Start of Block
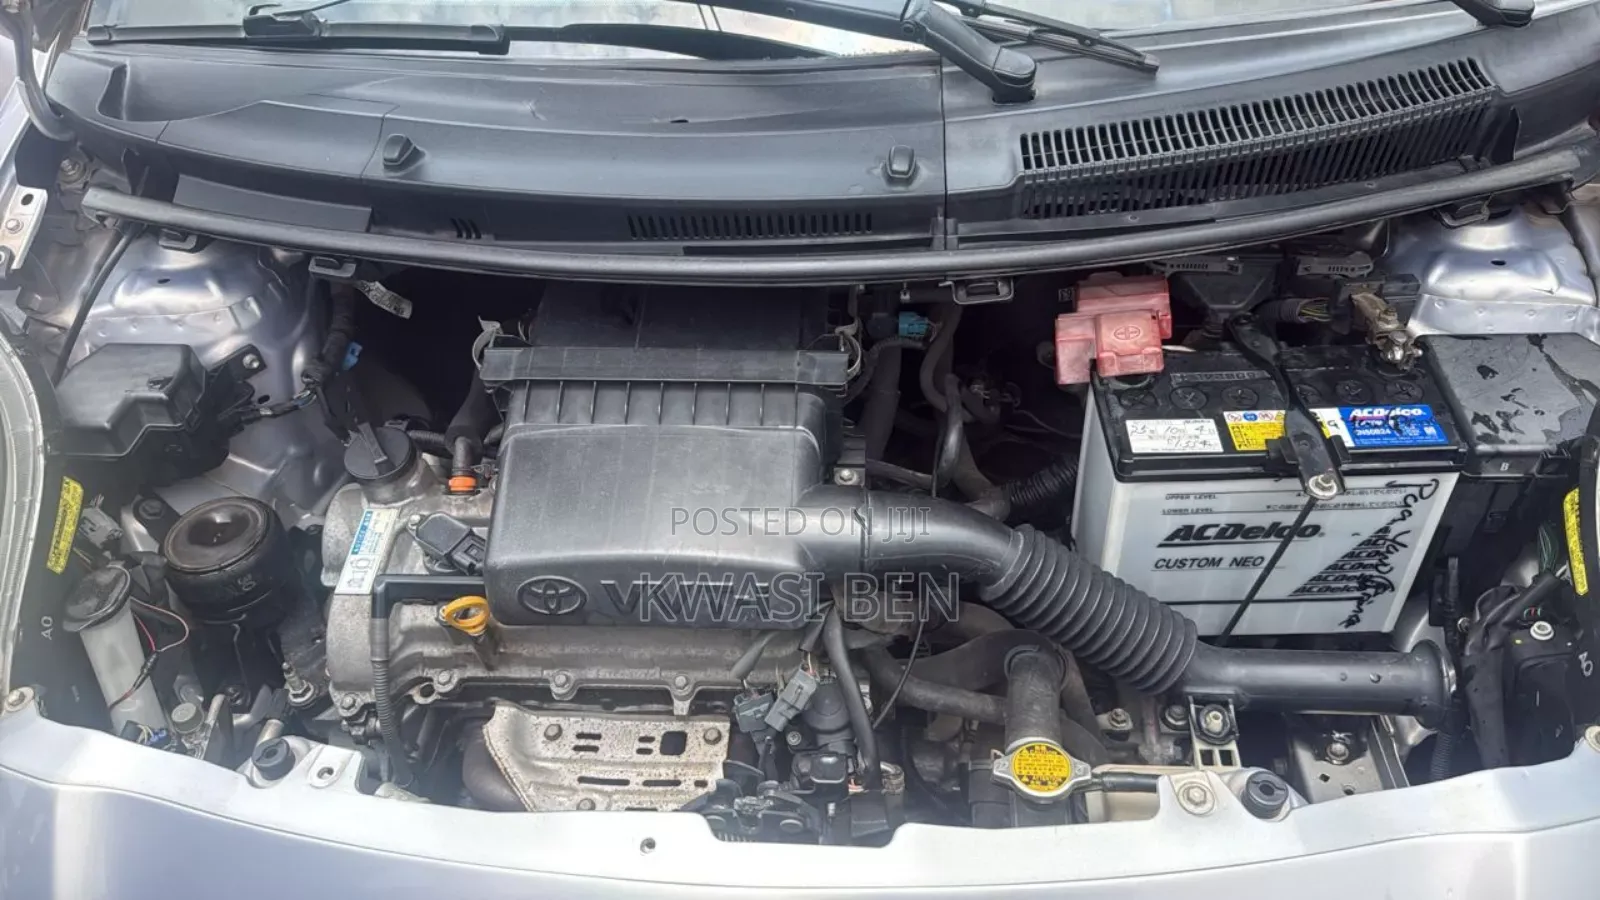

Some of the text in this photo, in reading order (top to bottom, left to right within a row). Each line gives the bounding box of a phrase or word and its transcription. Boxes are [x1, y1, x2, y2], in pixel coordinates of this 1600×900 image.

[1194, 492, 1217, 500] LEVEL
[1191, 507, 1214, 515] LEVEL
[1154, 556, 1265, 569] CUSTOM NEO
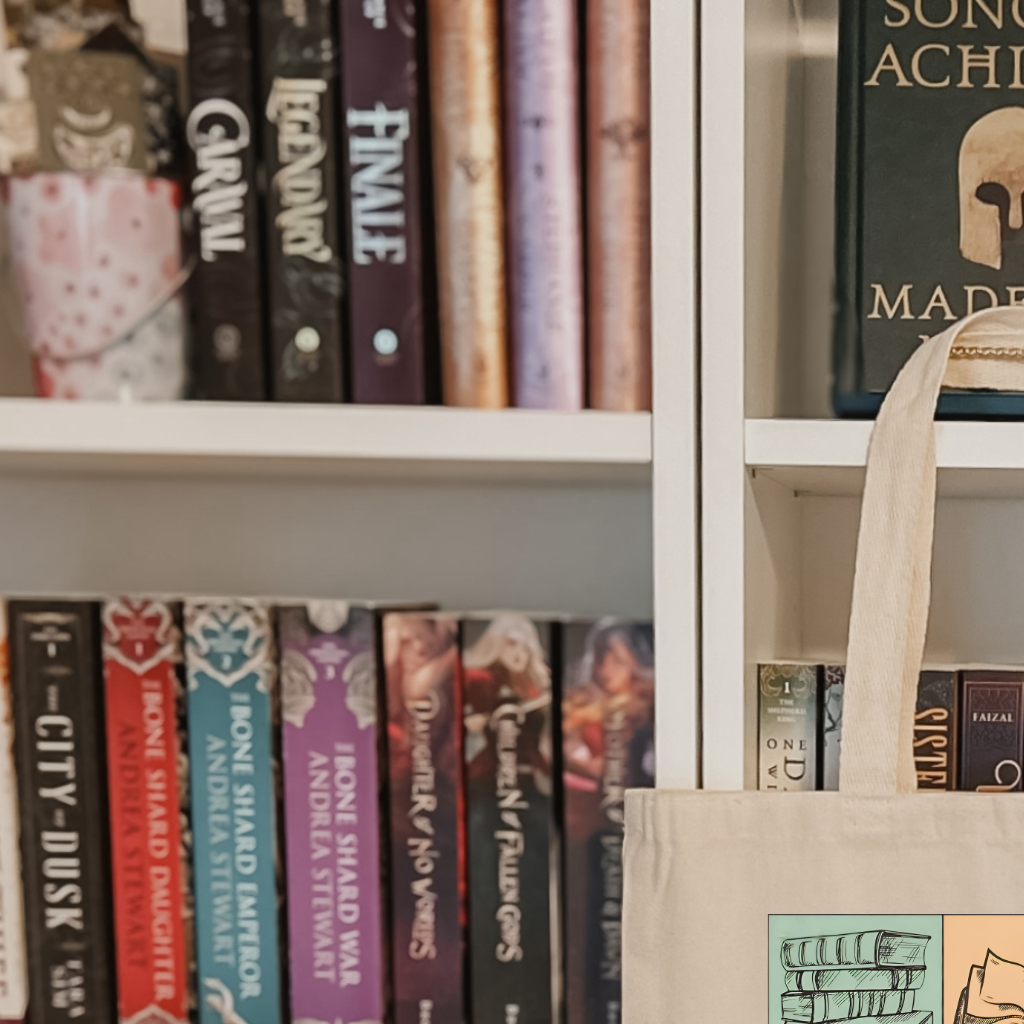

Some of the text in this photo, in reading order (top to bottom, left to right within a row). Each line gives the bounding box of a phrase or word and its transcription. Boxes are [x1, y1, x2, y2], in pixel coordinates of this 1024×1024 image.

[347, 101, 410, 265] FINALE
[767, 738, 807, 750] ONE
[784, 682, 791, 693] 1
[972, 712, 1014, 723] FAIZAL
[35, 715, 78, 806] CITY
[41, 831, 84, 930] DUSK
[142, 691, 175, 1002] BONE SHARD DAUGHTER
[205, 733, 235, 968] ANDREA STEWART
[229, 705, 262, 1000] BONE SHARD EMPEROR
[308, 750, 336, 984] ANDREA STEWART
[334, 755, 362, 988] BONE SHARD WAR
[407, 837, 440, 874] NO
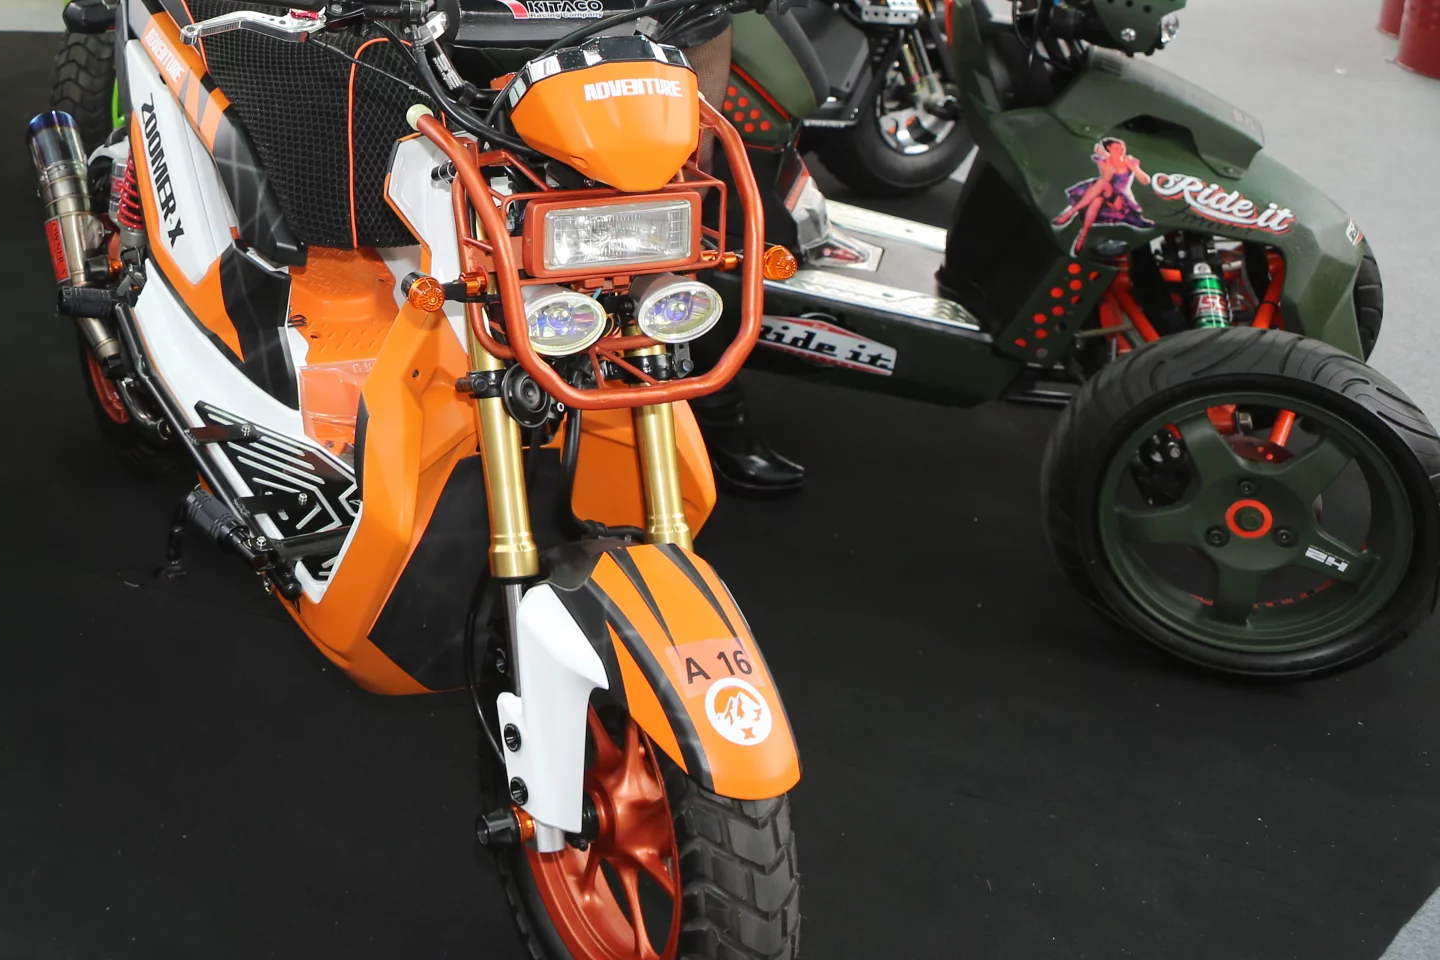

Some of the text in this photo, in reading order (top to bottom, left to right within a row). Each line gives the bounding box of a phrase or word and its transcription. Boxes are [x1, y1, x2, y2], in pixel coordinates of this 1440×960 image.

[526, 0, 604, 13] KITACO
[530, 11, 604, 20] Racing Company
[144, 27, 185, 84] ADVENTURE
[584, 78, 684, 101] ADVENTURE
[141, 92, 185, 250] ZOOMER-X
[1151, 173, 1297, 234] Ride it
[759, 324, 837, 357] Ride
[845, 343, 895, 371] it
[685, 650, 753, 685] A 16
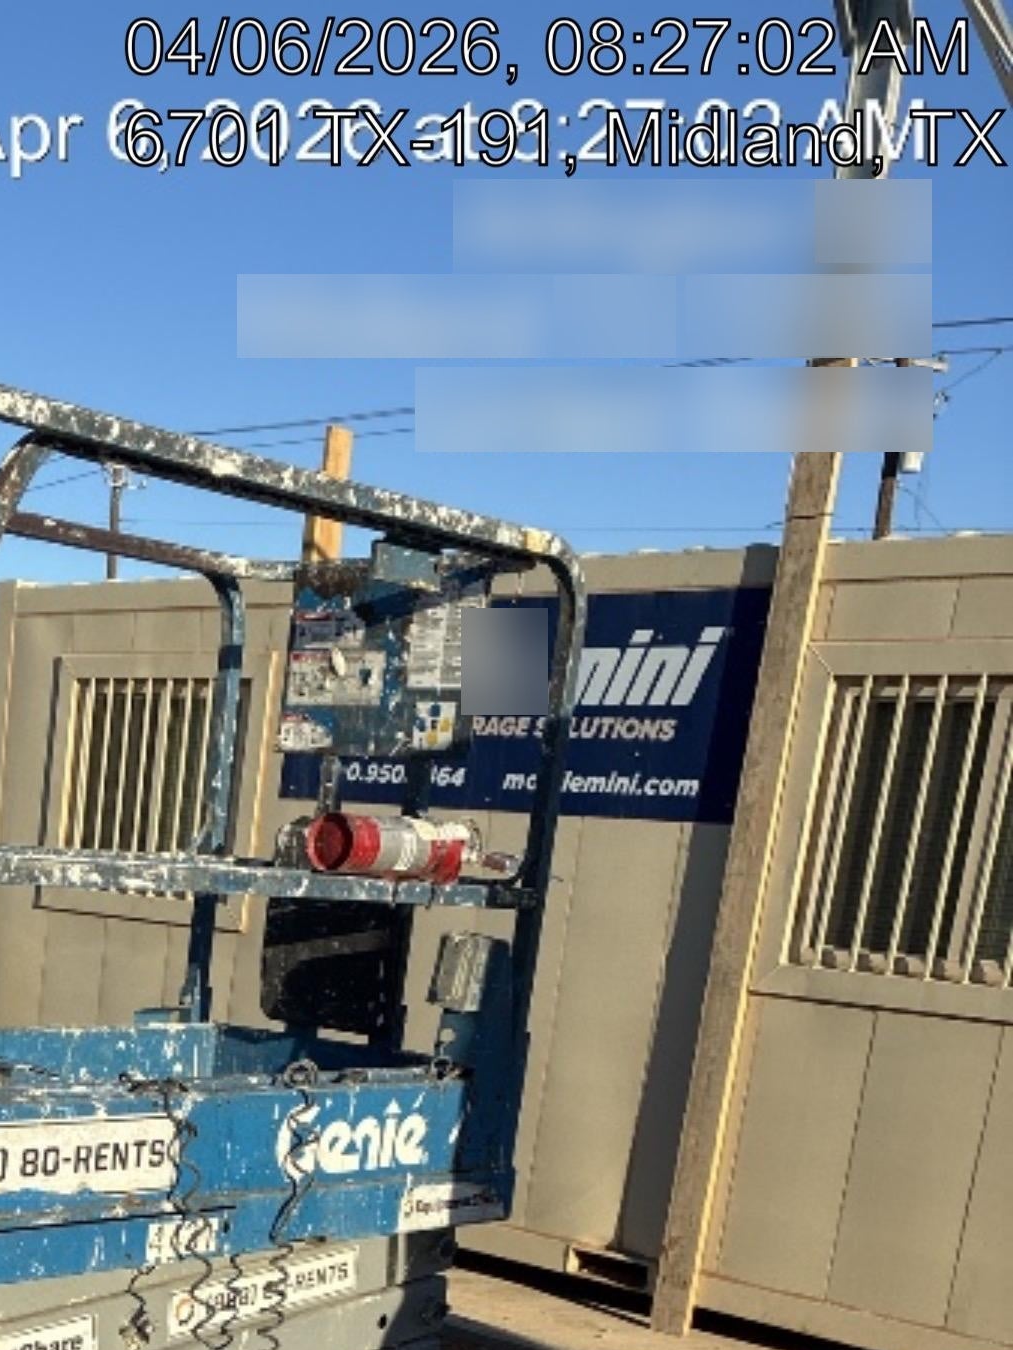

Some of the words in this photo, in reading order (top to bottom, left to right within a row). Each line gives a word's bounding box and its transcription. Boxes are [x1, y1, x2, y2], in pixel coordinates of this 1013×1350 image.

[532, 717, 677, 741] SLUTIONS
[502, 769, 701, 797] molemini.com
[276, 1096, 429, 1182] Genie
[20, 1139, 166, 1177] 80-RENTS
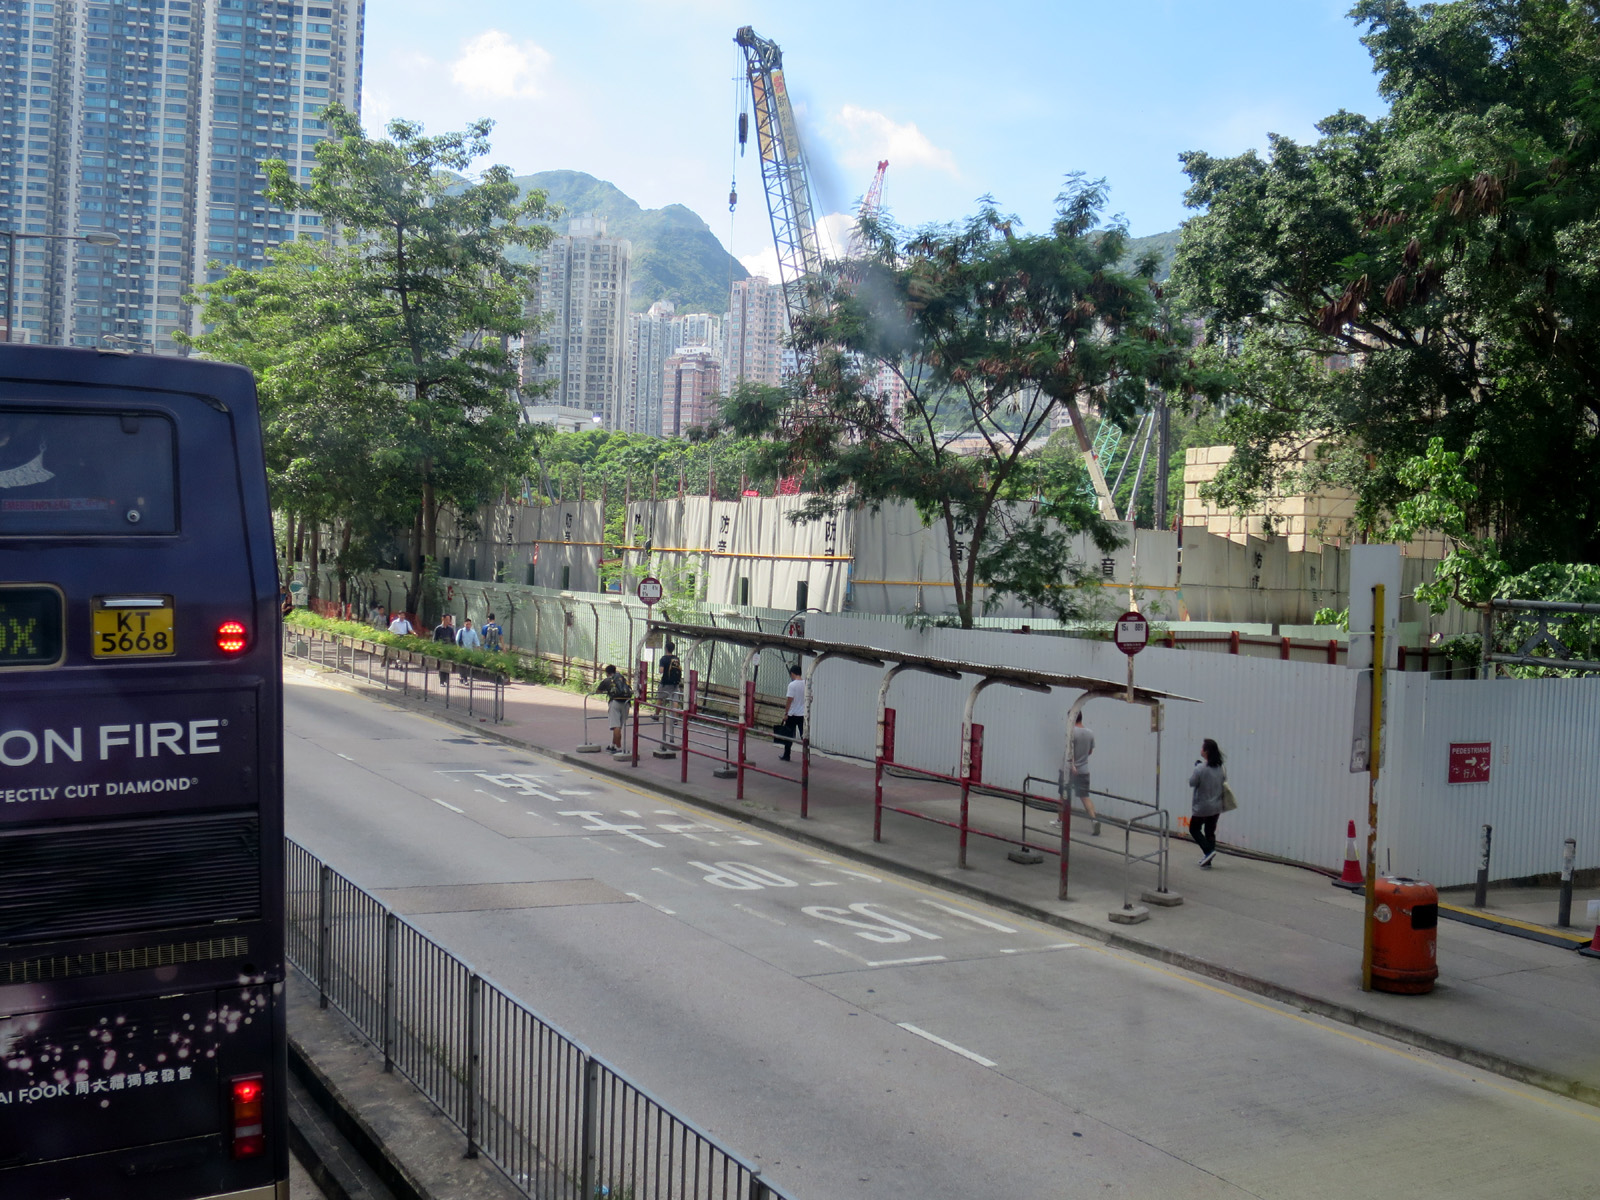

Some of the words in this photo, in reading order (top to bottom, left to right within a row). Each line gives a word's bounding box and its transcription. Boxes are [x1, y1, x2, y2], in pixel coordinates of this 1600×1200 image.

[117, 612, 150, 632] KT
[101, 632, 168, 652] 5668
[0, 727, 82, 767] ON
[64, 783, 100, 799] CUT
[19, 1085, 70, 1102] FOOK
End of Block
Take the line that contains "this 1600×1200 image." and every line after it to the end of the entries above, and reproduce them exactly.

__Task response__
Some of the words in this photo, in reading order (top to bottom, left to right within a row). Each line gives a word's bounding box and its transcription. Boxes are [x1, y1, x2, y2], in pixel coordinates of this 1600×1200 image.

[117, 612, 150, 632] KT
[101, 632, 168, 652] 5668
[0, 727, 82, 767] ON
[64, 783, 100, 799] CUT
[19, 1085, 70, 1102] FOOK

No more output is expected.